Carney has brought in a zen master of this dynamic to lead his transition: former Clerk of the Privy Council and High Commissioner in the UK Janice Charette. Charette has serious political bona fides, having once served as Jean Charest’s chief of staff in Ottawa, but she has garnered a reputation for providing unimpeachable, non-partisan counsel as both a deputy minister and PCO clerk. What makes her so effective is her deep knowledge of the mechanics of government (she was in place as clerk during the pandemic, rolling out massive programs like CERB and CEBA), her prowess in intergovernmental relations and her keen understanding of how the two sides of the table can work most effectively through a crisis. It is testament to Carney’s own institutional memory that he selected her for this crucial role.

The new prime minister also clearly understands he may have a short time frame from which he can make an impact, once transition is completed. The cabinet he has put together has been road-tested for the trade war ahead. The front line of Dominic Leblanc at International Trade, Anita Anand at Industry, Mélanie Joly at Foreign Affairs and François-Philippe Champagne at Finance ensures that there is the closest thing to seamless continuity for bilateral relations with the U.S., during a general election where Carney still has to represent change. Despite the surge in interest in the new prime minister from the electorate and their initial confidence in his potential to lead the government through this period of crisis, this enthusiasm could sputter out quickly; the rage against incumbency, which impacted so many outcomes during the massive electoral churn of 2024, may seem dormant right now, but the support for Poilievre’s candidacy was built on it, and if the firebrand can tap into it once again, the momentum could shift dramatically back to the Conservatives.

We’re probably just days away from another visit to Rideau Hall by Prime Minister Carney and the choice between potential negatives is all but set for the campaign: the Conservatives’ MAGA adjacency versus Team Carney’s Trudeau-era “more of the same”. Both are phantom notions in the minds of voters who haven’t made up their minds yet. But Carney’s team has to know the opportunities and threats that such a contrast presents. And navigating well through these polarities, in the midst of a trade war, could only heighten the risk that Canadians could lose confidence in the safe hands, serious tone Carney’s already set.
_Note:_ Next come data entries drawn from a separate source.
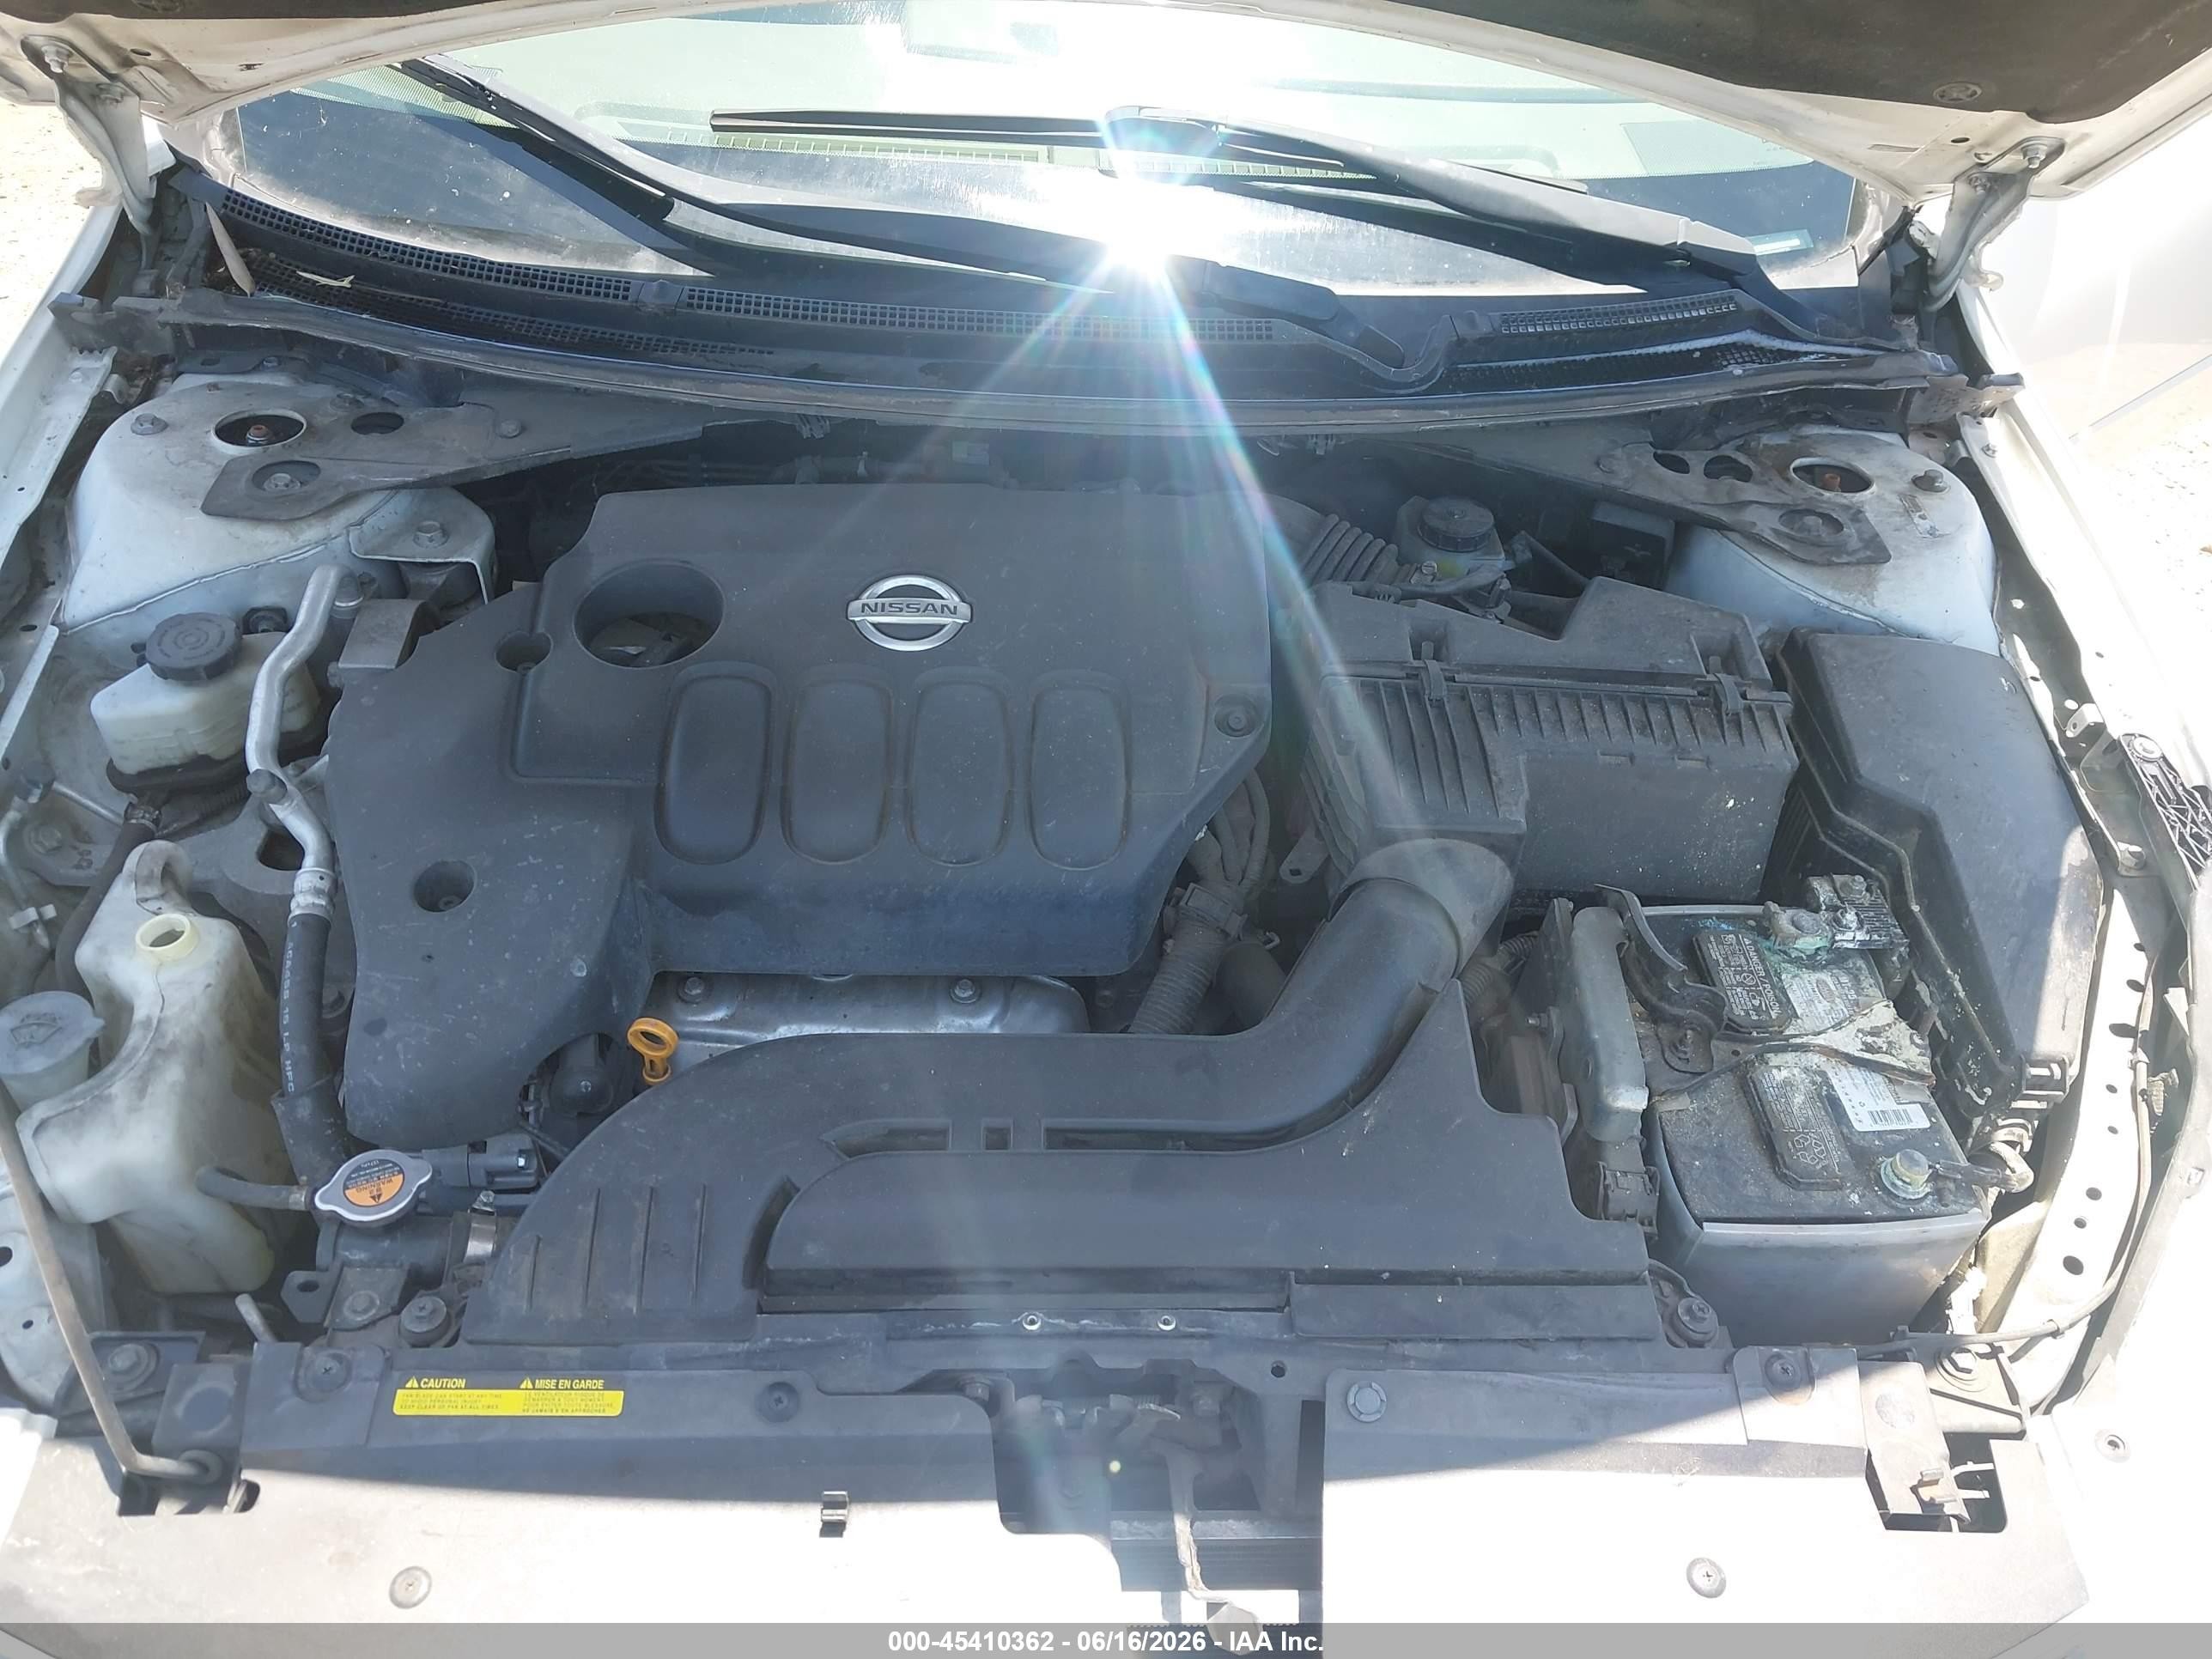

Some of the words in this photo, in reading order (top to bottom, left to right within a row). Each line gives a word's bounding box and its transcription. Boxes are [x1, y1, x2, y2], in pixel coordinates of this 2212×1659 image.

[860, 602, 958, 616] NISSAN
[1746, 945, 1765, 976] DANGER
[1761, 983, 1783, 1015] POISON
[420, 1377, 466, 1389] CAUTION
[534, 1379, 557, 1389] MISE
[558, 1379, 571, 1389] EN
[572, 1379, 605, 1389] GARDE
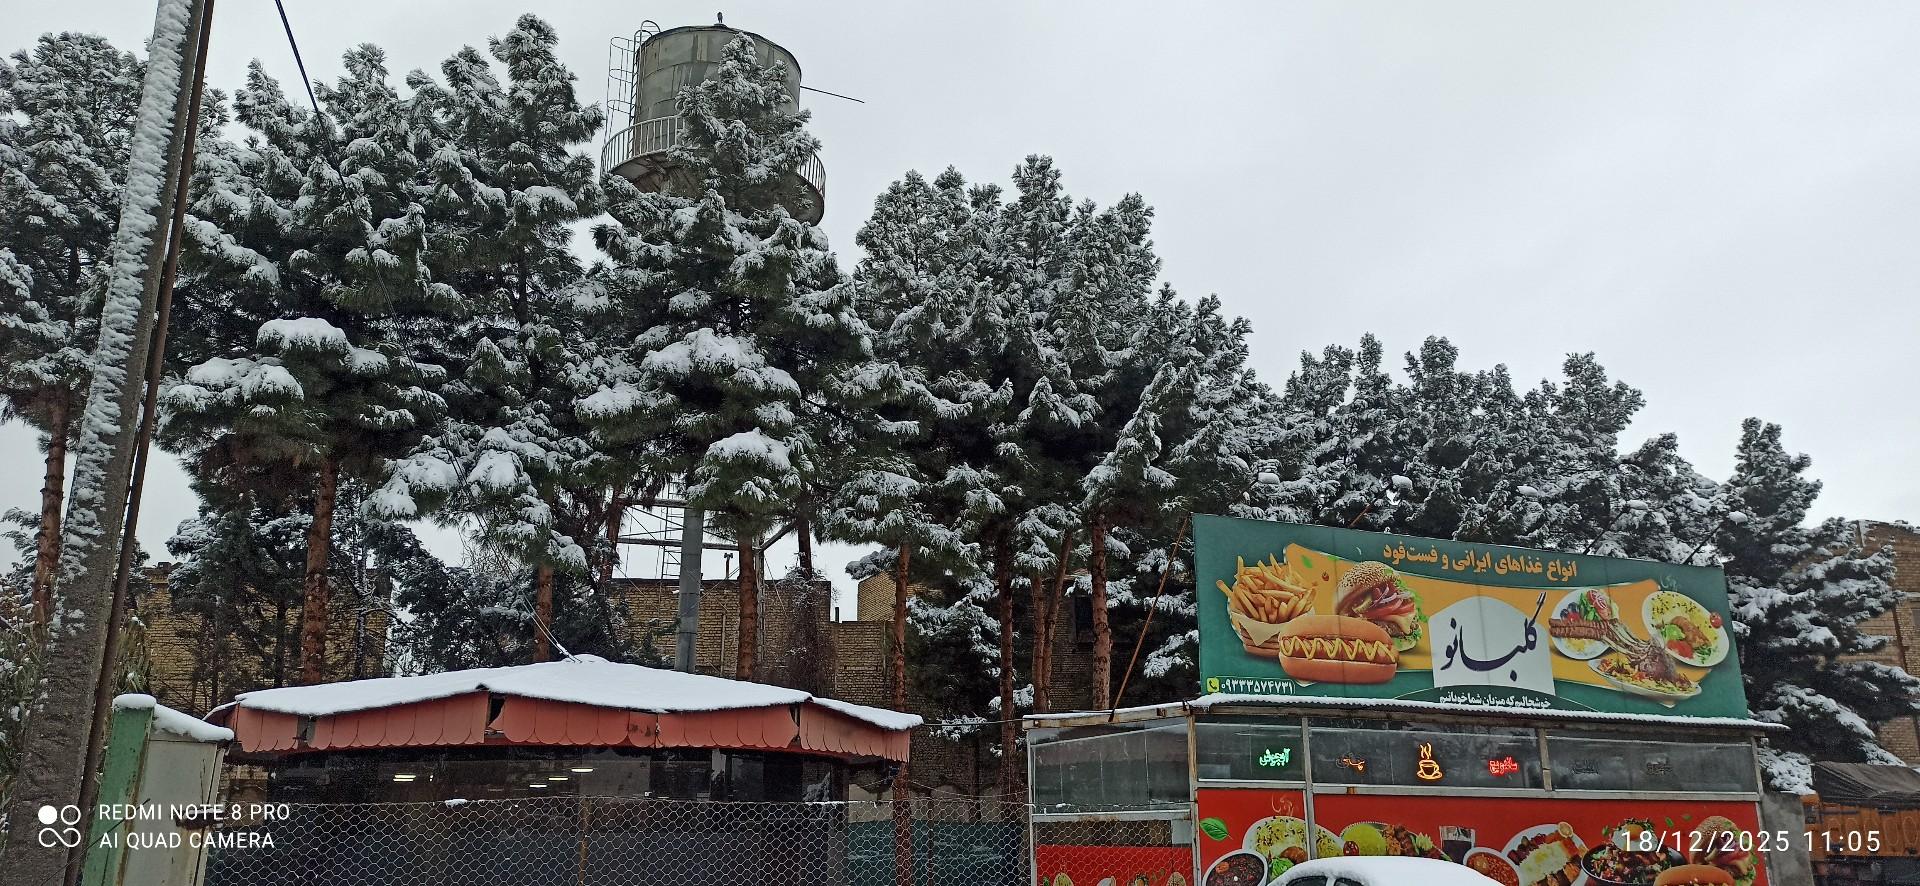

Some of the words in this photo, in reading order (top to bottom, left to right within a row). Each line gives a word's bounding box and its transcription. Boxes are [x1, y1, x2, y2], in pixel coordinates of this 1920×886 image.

[1441, 553, 1449, 570] و
[1452, 549, 1492, 573] ایرانی
[1495, 554, 1543, 575] غذاهای
[1547, 559, 1577, 582] انواع
[1440, 592, 1546, 682] گلبانو
[1221, 678, 1293, 694] ۰۹۳۳۳۵۷۴۷۳۱
[1468, 692, 1482, 704] شما
[1506, 695, 1515, 706] که
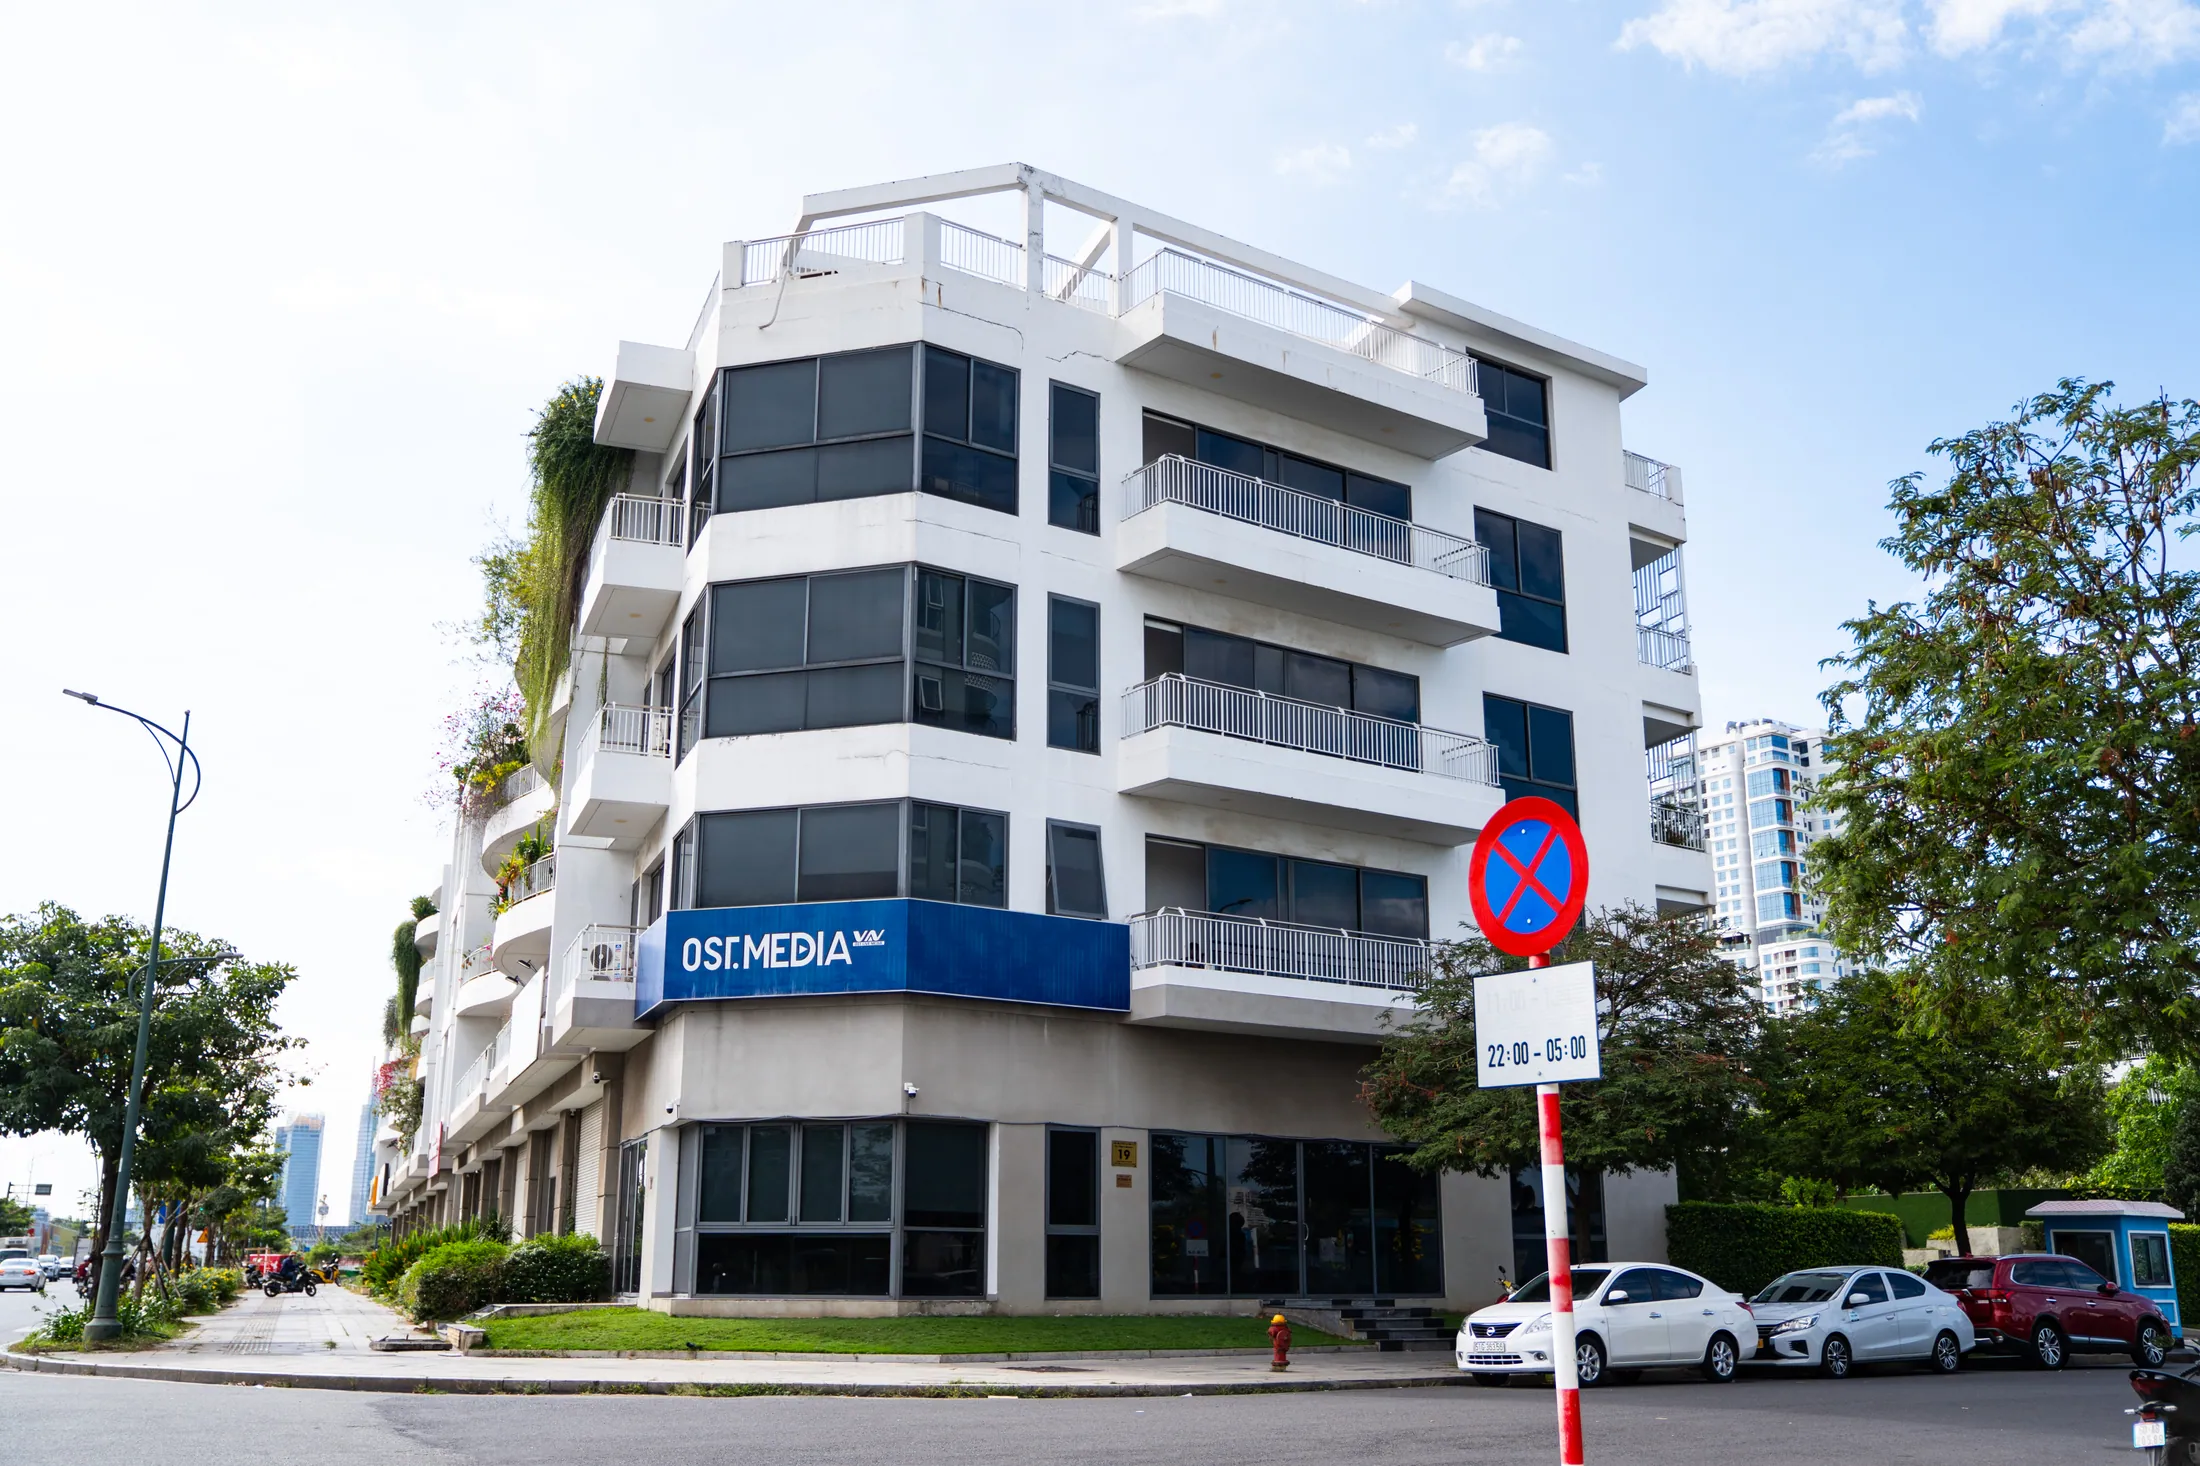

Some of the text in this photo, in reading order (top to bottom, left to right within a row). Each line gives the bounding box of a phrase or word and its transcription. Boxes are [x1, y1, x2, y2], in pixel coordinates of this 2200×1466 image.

[1488, 1041, 1529, 1068] 22:00
[1546, 1035, 1586, 1062] 05:00
[1117, 1149, 1131, 1160] 19
Campaign in poetry, govern in prose is the maxim frequently cited before any issuance of the writs. The Carney campaign has astutely read – so far – the mood shift in the electorate in response to Trump’s menacing threats to Canadian sovereignty, but those eligible voters they’ve attracted will be looking for some of the poetry, some indication of a strong, beating heart of patriotism pounding through the metre of Carney’s stump speeches.

The challenge is, at the same time, they’ll only find reassurance in a serious down-to-business focus through the grind of bilateral trade negotiations in the weeks ahead. It is a fine balance to strike through these inevitable “Thursdays” we’re facing – with no casual Fridays ahead for Carney’s team.

Policy Contributing Writer John Delacourt is Senior Vice President of Counsel Public Affairs in Ottawa.